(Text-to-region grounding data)
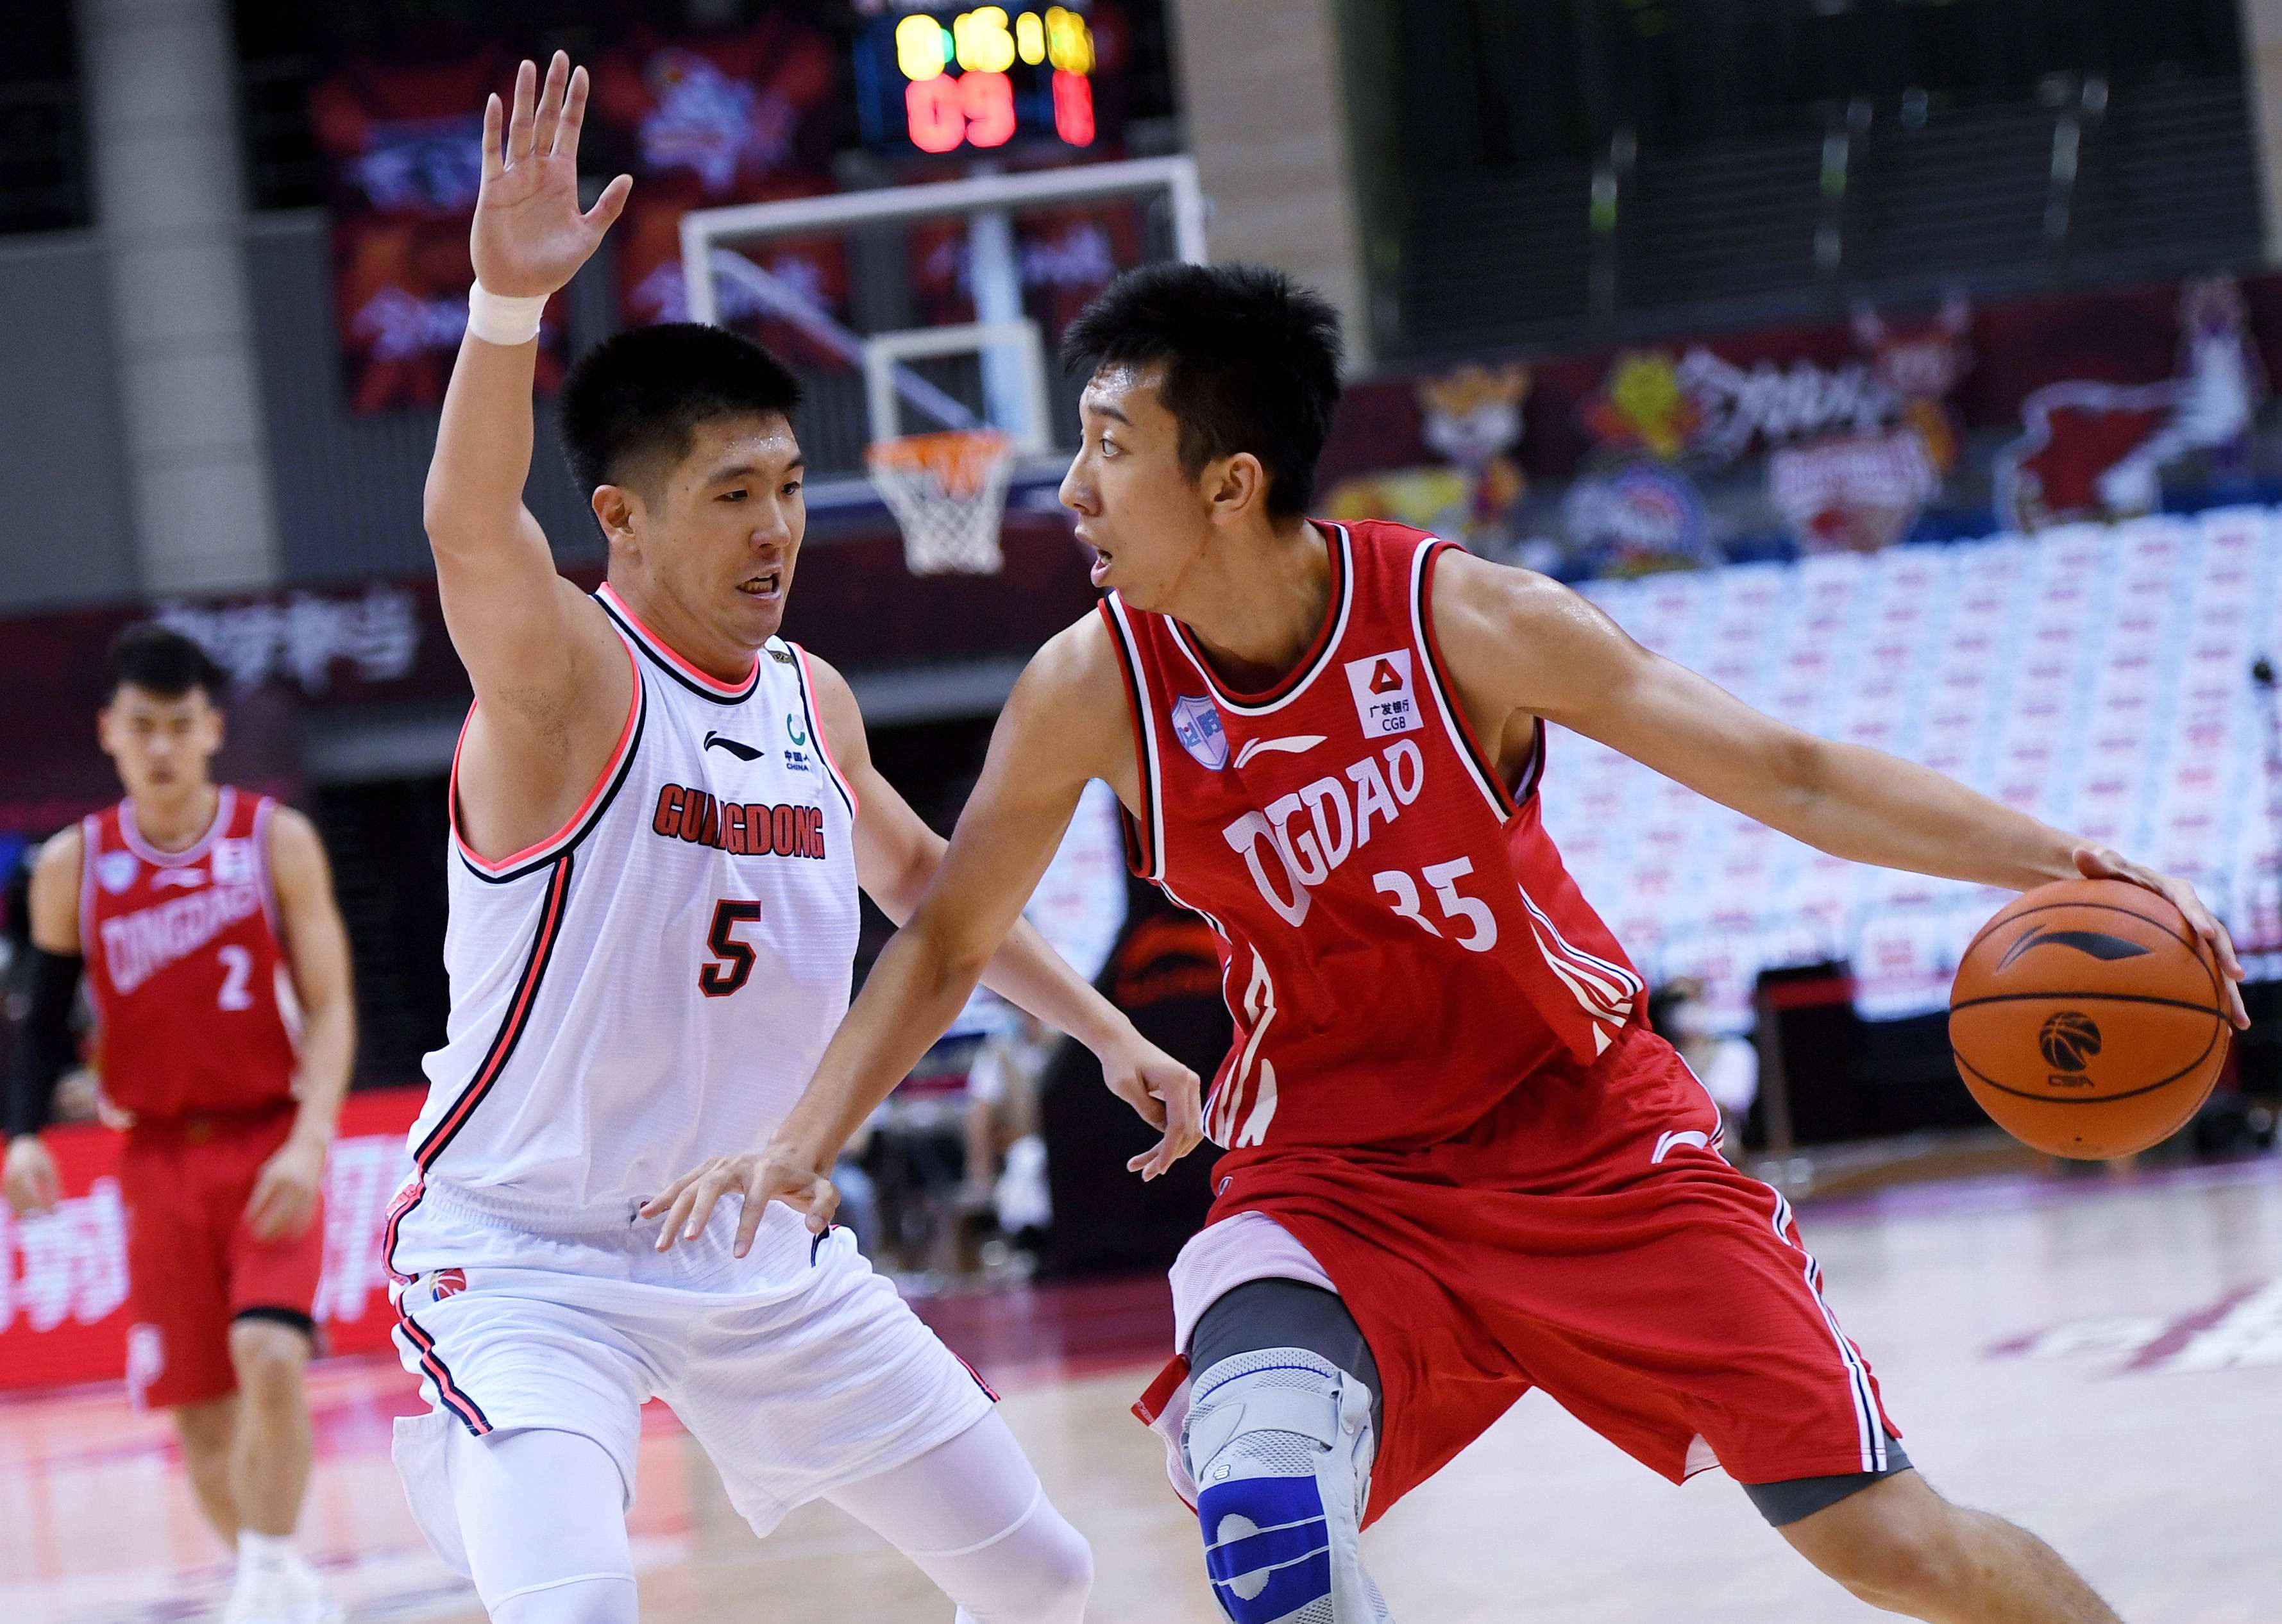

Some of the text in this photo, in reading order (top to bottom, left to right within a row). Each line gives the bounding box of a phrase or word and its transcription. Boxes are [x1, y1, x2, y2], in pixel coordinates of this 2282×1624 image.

[1369, 698, 1410, 718] 广发银行
[1382, 716, 1407, 731] CGB
[786, 763, 809, 772] CHINA
[698, 899, 762, 998] 5
[217, 943, 254, 1012] 2

• [Your assignment]
Could you set down the records above word for word, without any of the pictures?

• [Task solution]
Some of the text in this photo, in reading order (top to bottom, left to right within a row). Each line gives the bounding box of a phrase or word and its transcription. Boxes are [x1, y1, x2, y2], in pixel coordinates of this 2282×1624 image.

[1369, 698, 1410, 718] 广发银行
[1382, 716, 1407, 731] CGB
[786, 763, 809, 772] CHINA
[698, 899, 762, 998] 5
[217, 943, 254, 1012] 2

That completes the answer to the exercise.